As noted earlier, the FBI so far says they have found no evidence of a wider conspiracy in the San Bernardino terror attack last week. However, Fox News reported late last night that Syed Farook had received a deposit of $28,500 from a Utah bank two weeks before the attacks. Between that deposit and the massacre, Farook converted almost all of it to cash and transfers to his mother (starts at 2:40):
A $28,500 deposit was made to Syed Farook’s bank account from WebBank.com on or about Nov.18, some two weeks before he and his wife Tashfeen Malik carried out the San Bernardino massacre, a source close to the investigation told Fox News Monday.

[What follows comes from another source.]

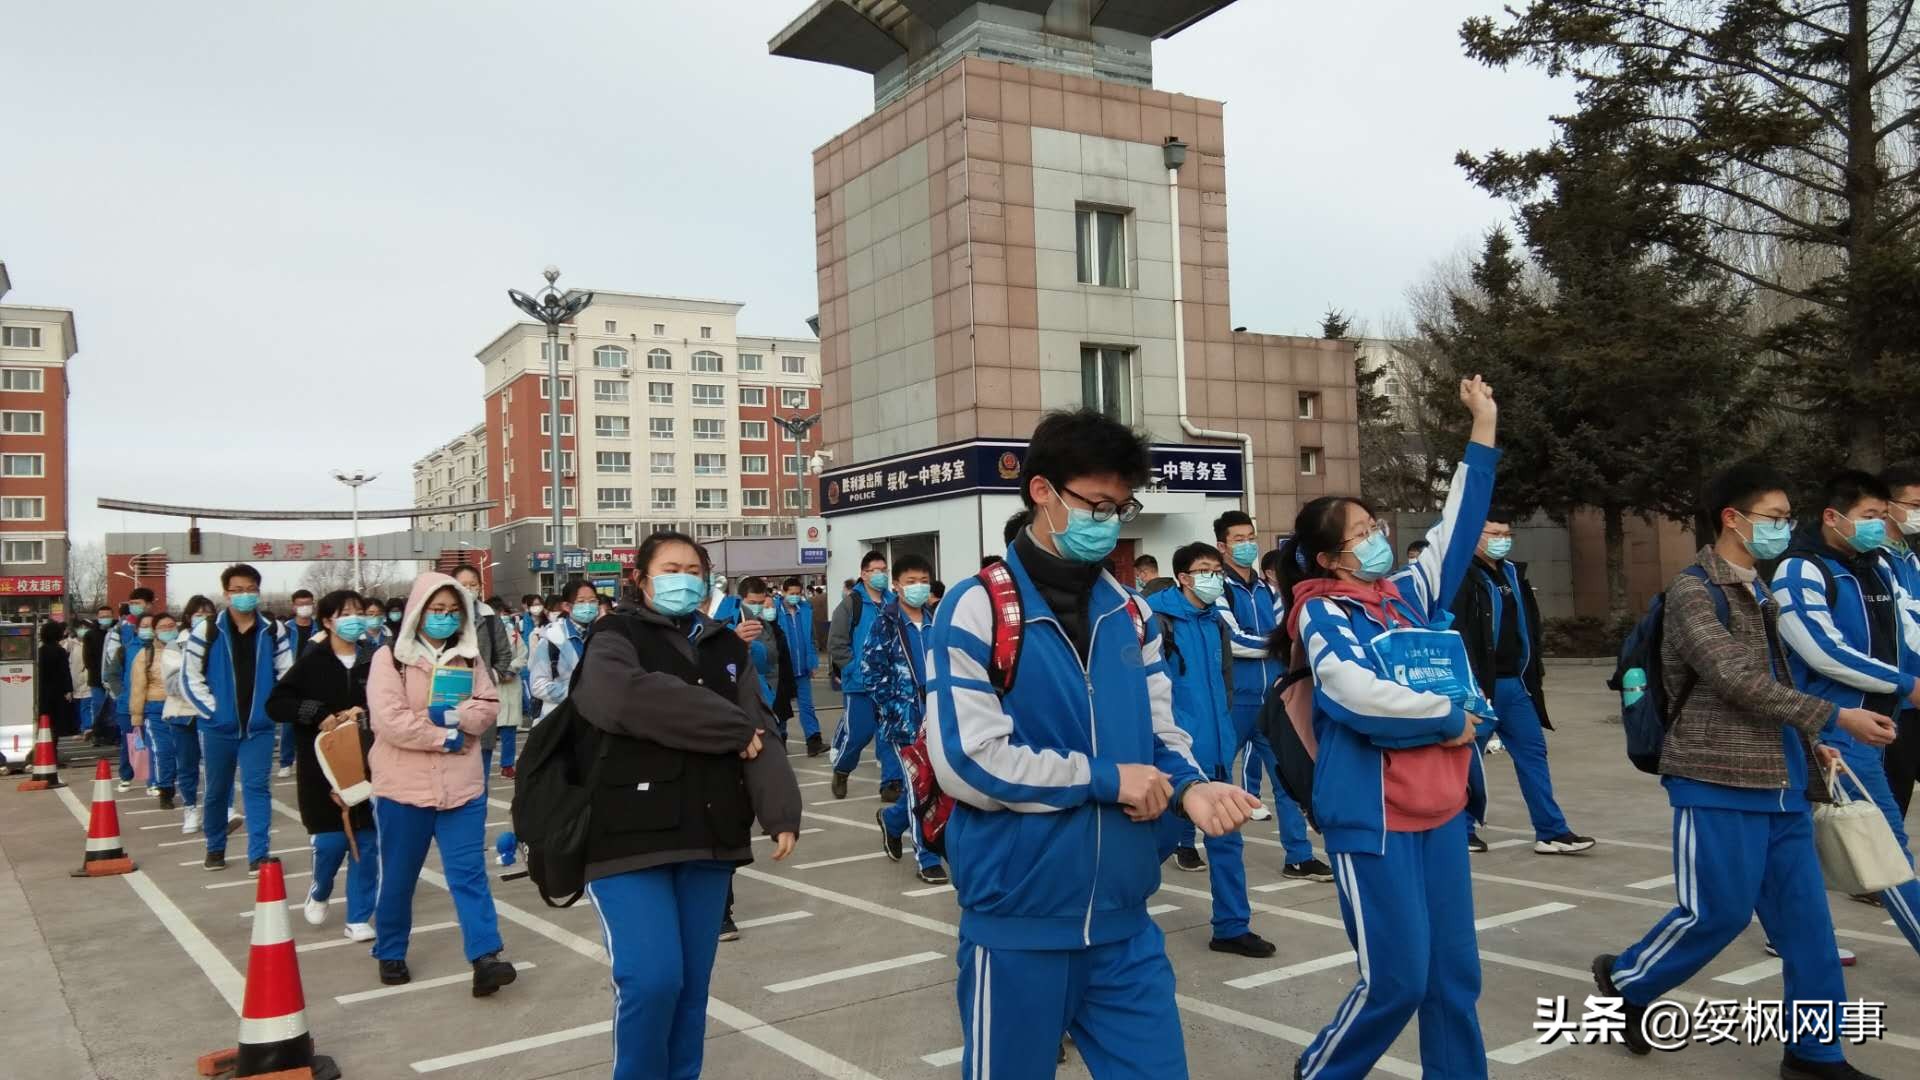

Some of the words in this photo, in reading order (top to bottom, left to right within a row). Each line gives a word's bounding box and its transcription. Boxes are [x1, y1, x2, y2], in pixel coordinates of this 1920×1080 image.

Investigators are exploring whether the transaction was a loan taken out by Farook, who with his wife killed 14 and wounded 21 when they opened fire at a holiday lunch. He earned $53,000 a year with the county as an environmental health inspector. Investigators are also exploring the possibility that a subsequent cash withdrawal was used to reimburse Enrique Marquez, the man who bought the two AR-15 semiautomatic rifles used in the San Bernardino shootings. Marquez, who could be charged, especially if it is determined that he illegally modified the weapons, is now reportedly answering investigators’ questions. …
The deposit came via Utah-based WebBank.com, which describes itself as “a leading provider of national consumer and commercial private-label and bank card financing programs” on a nationwide basis. On or about Nov.20, Fox News is told Farook converted $10,000 to cash, and withdrew the money at a Union Bank branch in San Bernardino. Afterwards, in the days before the shooting, there were at least three transfers of $5,000 that appear to be to Farook’s mother.

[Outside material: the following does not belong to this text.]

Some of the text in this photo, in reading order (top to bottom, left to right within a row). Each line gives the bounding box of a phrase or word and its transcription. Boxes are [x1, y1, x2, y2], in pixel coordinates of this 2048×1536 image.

The loan and large cash withdrawal were described to Fox News by the source as “significant evidence of pre-meditation,” and further undercut the premise that an argument at the Christmas party on Dec. 2 led to the shooting.

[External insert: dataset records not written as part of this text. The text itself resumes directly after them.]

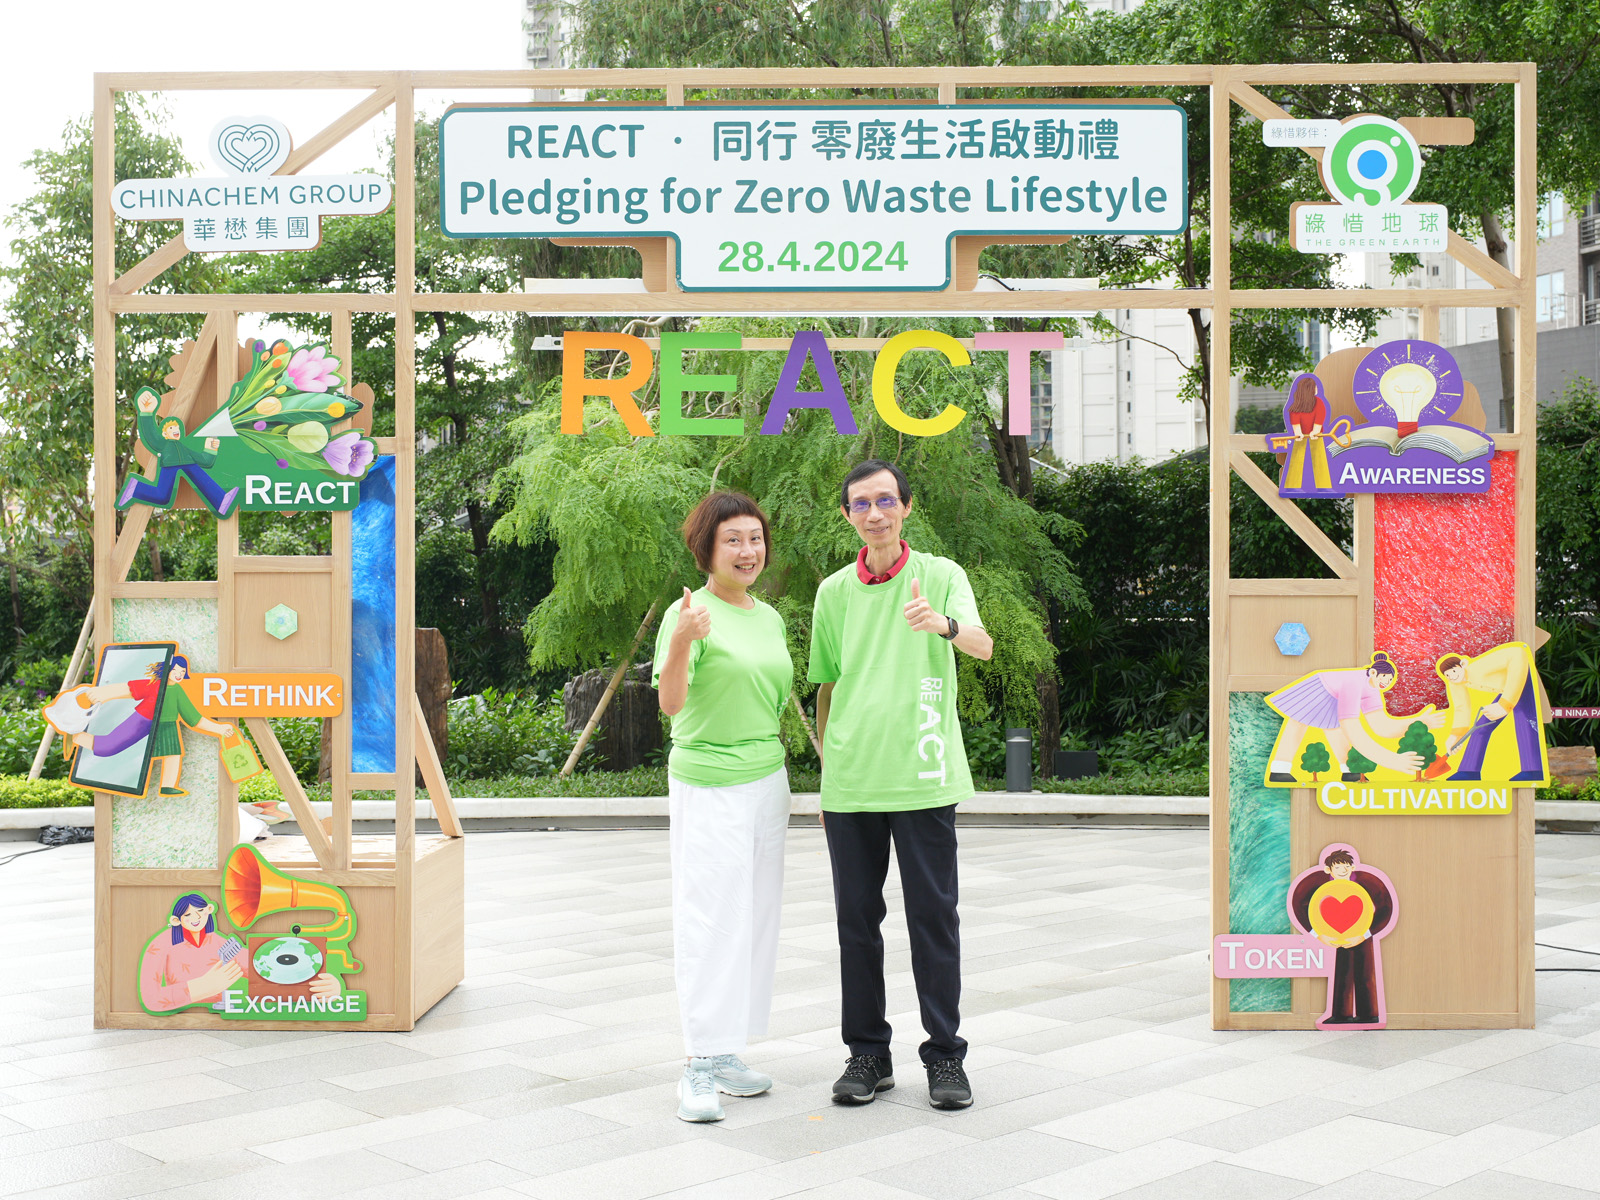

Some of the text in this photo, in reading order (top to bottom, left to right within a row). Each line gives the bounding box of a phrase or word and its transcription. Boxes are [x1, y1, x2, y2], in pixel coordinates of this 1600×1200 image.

[508, 123, 645, 159] REACT
[713, 119, 798, 162] 同行
[811, 118, 1120, 162] 零廢生活啟動禮
[119, 184, 382, 209] CHINACHEM GROUP
[460, 175, 1168, 225] Pledging for Zero Waste Lifestyle
[193, 216, 309, 241] 華懋集團
[1306, 238, 1440, 247] THE GREEN EARTH
[717, 241, 909, 272] 28.4.2024
[560, 329, 1064, 437] REACT
[1565, 709, 1589, 717] NINA

The FBI insisted yesterday that they had not uncovered any evidence yet of a plot outside the US, although it was still early in the investigation:
At the news conference, Mr. Bowdich said that at this point, the authorities did not believe that forces beyond the nation’s borders had been involved in orchestrating the attack.
“I want to be crystal clear here — we do not see any evidence so far of a plot outside the continental U.S.,” he said. “We may find it someday, we may not; we don’t know. But right now we’re looking at these two individuals.”
He said that the F.B.I. had interviewed 400 people, and he asked for patience from the public as the agency seeks to untangle the origins and motivations of the attack on the Inland Regional Center, which also wounded 21 people. He said that the F.B.I. was still building profiles of the suspects and of the people around them. “That takes time,” he said. “This is Day 5.”
Assuming that the Fox News report turns out to be true, that large deposit would certainly suggest a wider plot — at least in the absence of other explanations. It could be that Farook sought out a loan under false pretenses, never intending to pay it back but to use it to fund an attack that he dreamed up on his own. If so, why not convert the whole amount to cash? Why transfer funds to his mother rather than use cash, knowing that the transfers could be traced and his mother held liable for the money?
The answer to that might be the time frame. Transactions that go above $10,000 have to be reported to the federal government in accordance with the Bank Secrecy Act of 1970, a law put in place at first to track tax evasion and fraud but also used in counter-intelligence operations. Had Farook pulled out the entire amount in cash, either in one transaction or multiple transactions within a few days, it might have been enough to raise suspicions and blow his operation.
As it was, the transfer itself should have raised a flag as it exceeded the $10,000 limit, again assuming this report is accurate. Did either WebBank or Farook’s bank file a Currency Transaction Report or a Suspicious Activity Report? If not, why not? And if so, what action resulted from the report?
At the very least, that kind of financial activity can be traced. If it was a loan Farook initiated with the expectation of being dead or incapacitated and never having to repay it — which seems at least a plausible explanation — then it won’t mean much except to underscore the premeditated nature of this terrorist attack. If it’s something else, then it would indicate that Farook had help.